Features of Text for Comparison

The AI examines the following text characteristics to evaluate a student work by comparison to one or more models:

  • “readability” as determined by the Flesch-Kincaid readability formula
  • the percent difference in number of unique words after pre-processing. “Preprocessing” refers to text that has been scrubbed of irrelevant characters like HTML tags and extra spaces, has been lemmatized, synonymized, and finally stemmed.
  • intersecting noun phrases
  • Jaccard similarity
  • cosine similarity of unigrams
  • cosine similarity of bigrams
  • cosine similarity of trigrams
  • intersecting proper nouns
  • cosine similarity of T-score
  • intersecting bigrams as percent of corpus size
  • intersecting trigrams as percent of corpus size
  • analysis score2

The program first compares the student text to each model using cosine similarity of n-grams. The most similar model in the corpus is then compared to the student work. Four hundred and twenty-six short answer questions that had been scored by a human rater were compared using the algorithm. From these results was developed scoring ranges within each text feature typifying scores of 100, 85, 65, 55, and 0. Outliers were removed from the dataset. Next, sets of student summaries were scored using the ranges for each text feature and the program’s scoring accuracy was monitored.

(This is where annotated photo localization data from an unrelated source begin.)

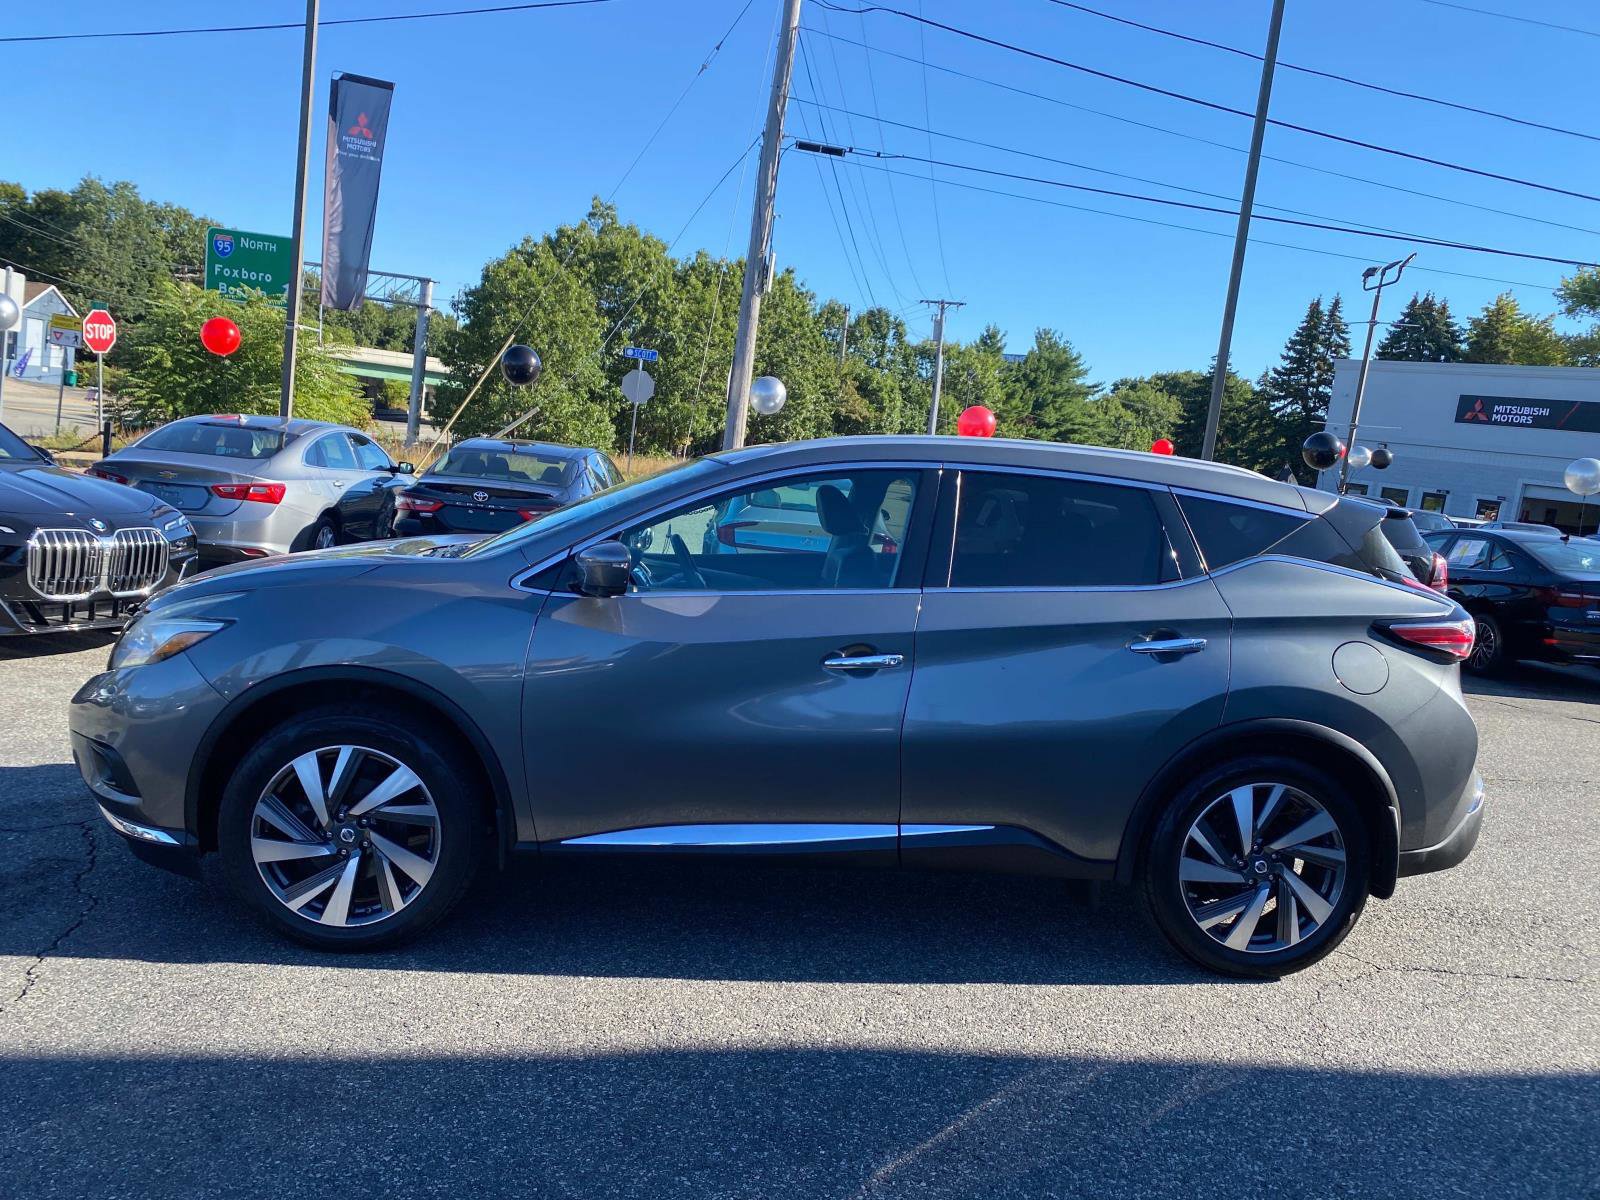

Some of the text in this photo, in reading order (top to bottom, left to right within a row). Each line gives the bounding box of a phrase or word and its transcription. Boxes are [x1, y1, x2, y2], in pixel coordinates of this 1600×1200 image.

[342, 135, 377, 148] MITSUBISHI
[346, 143, 371, 153] MOTORS
[217, 240, 231, 253] 95
[214, 264, 273, 282] Foxboro
[86, 323, 114, 340] STOP
[634, 349, 652, 360] SCOTT
[1493, 405, 1550, 416] MITSUBISHI
[1491, 414, 1534, 424] MOTORS

With each successive scoring trial, the profiles were adjusted, sometimes more intuitively that methodically, until over the course of months the accuracy rate was satisfactory.

When analyzing a student writing sample for scoring, the score on each text feature is compared to the profiles and the program keeps a tally of matches for each scoring category (100, 85, 65, 55, and 0). The “best fit” is the first stage of suggested score. Noun phrases, intersecting proper nouns, and bigram cosine were found to correlate most highly with score matching the human rater, so an additional calculation is applied to the profile scores to weight these factors. Next, a set of functions calculates partial credit possibilities for scores in the category of 94, 76 and 44 using statistics from the data analysis of the original dataset of 426 samples. Finally, samples where analysis are important in the response have their score adjusted one final time.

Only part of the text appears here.